James Anderson retirement

James Anderson will hang up his boots after a career that has, before his farewell game at Lord's, seen him play 187 Tests and take 700 wickets – the most by a pace bowler.

James Anderson will hang up his boots after a career that has, before his farewell game at Lord's, seen him play 187 Tests and take 700 wickets – the most by a pace bowler.

To add to that, Anderson has also taken 32 five-wicket hauls, bowled 39,877 deliveries – another fast bowling record – and even scored a fifty against India, the only time he has crossed the mark in over 600 professional games across formats.

Anderson will, fittingly, play the last of his 188 Tests at Lord's, the place where it all began, all the way back in 2003. Here is a list of players with the longest Test careers.

Sachin Tendulkar – 200 Tests

The only player to score 50 Test hundreds is also the only player to play 200 Tests, Tendulkar carried the Indian batting on his back in the 1990s after debuting at 16 and built an impenetrable legacy in the 2000s as the best batter of one of India's greatest ever Test batting lineups. The Little Master might have retired in 2013, but his legacy continues to endure over a decade after he played his final Test in front of an adoring public in his home city of Mumbai.

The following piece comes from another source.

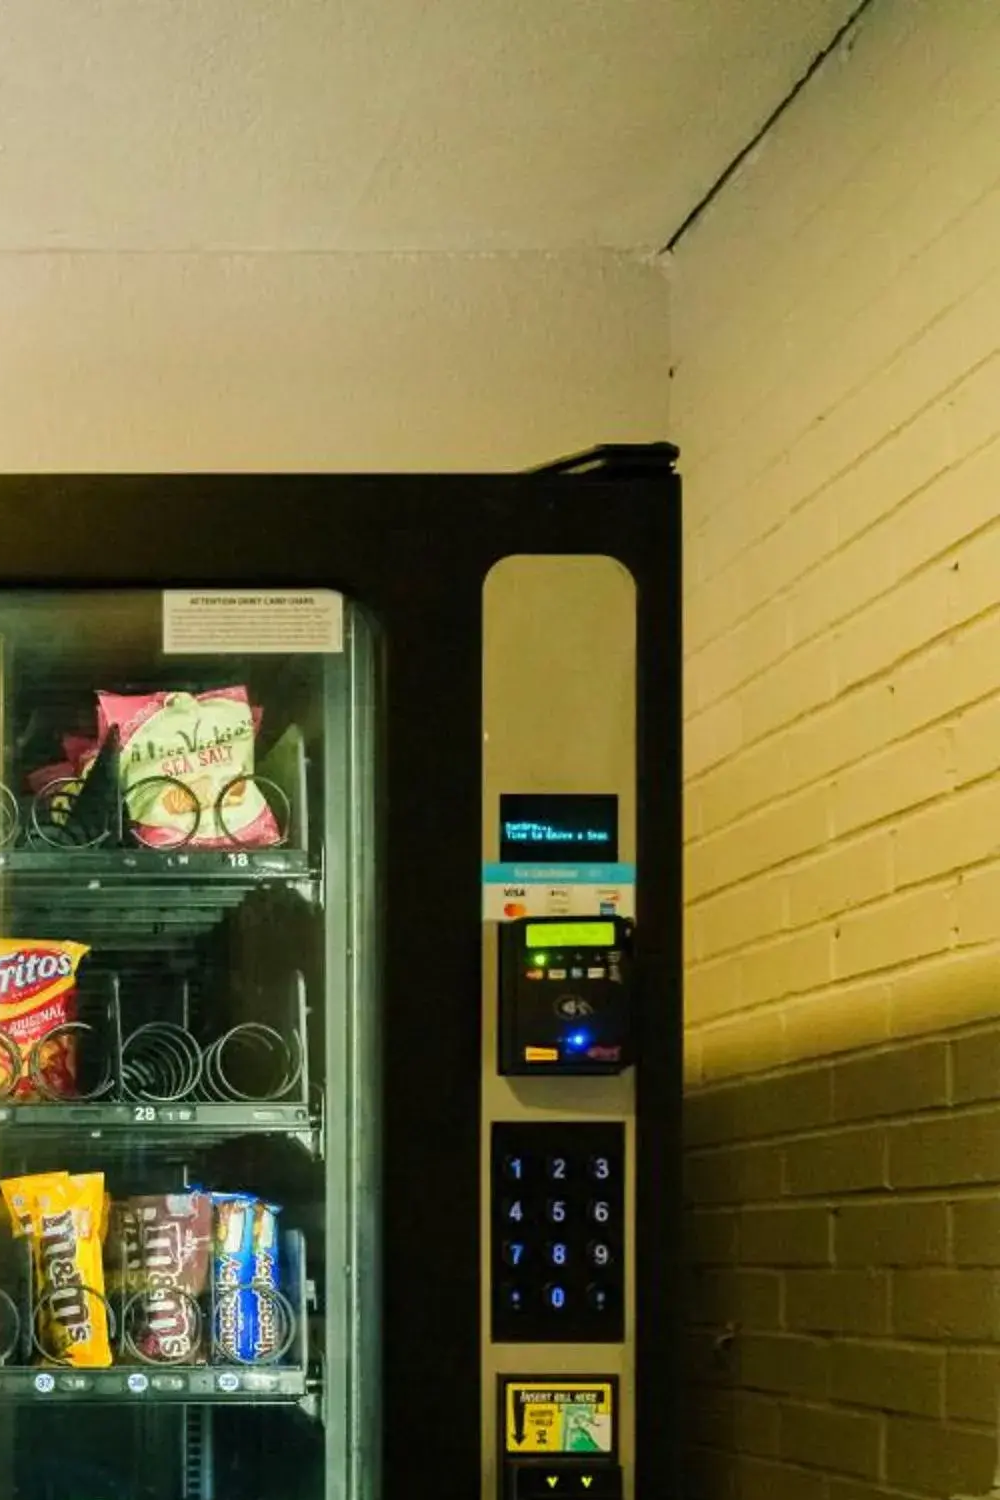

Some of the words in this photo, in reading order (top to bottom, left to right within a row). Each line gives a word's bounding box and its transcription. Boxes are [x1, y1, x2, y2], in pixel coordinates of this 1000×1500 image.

James Anderson – 188 Tests

What else can be said about Burnley's Anderson that hasn't been already? Not only is he England's leading wicket-taker, but he has only gotten better as his career has gone on. There has never been a better fast bowler at 41. Even though he will play his final Test later this week, he is more than capable of playing for another year or two if Ben Stokes and Brendon McCullum wanted him to – for that is how enigmatic and abiding the careers of one of red-ball cricket's all-time-greats has been.

Ricky Ponting – 168 Tests

Ponting, Australia's highest-ever run-scorer, had a colossal Test career that spanned 17 years. He scored 13,378 runs, the second-most in history. By the time he strolled out for his final Test, he had already racked up 41 centuries and had made the pull shot his own.

Steve Waugh – 168 Tests

From one Australian batting great to another. Over the course of his 19-year career that started at the MCG in 1985, Waugh played a role as significant as anyone else’s in building Australia into the ruthless side that it has come to be known as today. He scored over ten thousand runs and 32 centuries and, mostly in his early days, took 92 wickets. Yet, even these terrific numbers don't do justice to the impact Waugh has made on Australian cricket.

Stuart Broad – 167 Tests

Broad, Anderson's partner in crime for years, was one-half of the most watchable red-ball pairing of the 21st century. He took 604 wickets in a 16-year-long career that only came to an end last year against Australia at The Oval. England won that game, and Broad took the final wicket in a fitting end to his career, against the team he took over a quarter of his Test wickets the iconic 8-15 at Trent Bridge in 2015.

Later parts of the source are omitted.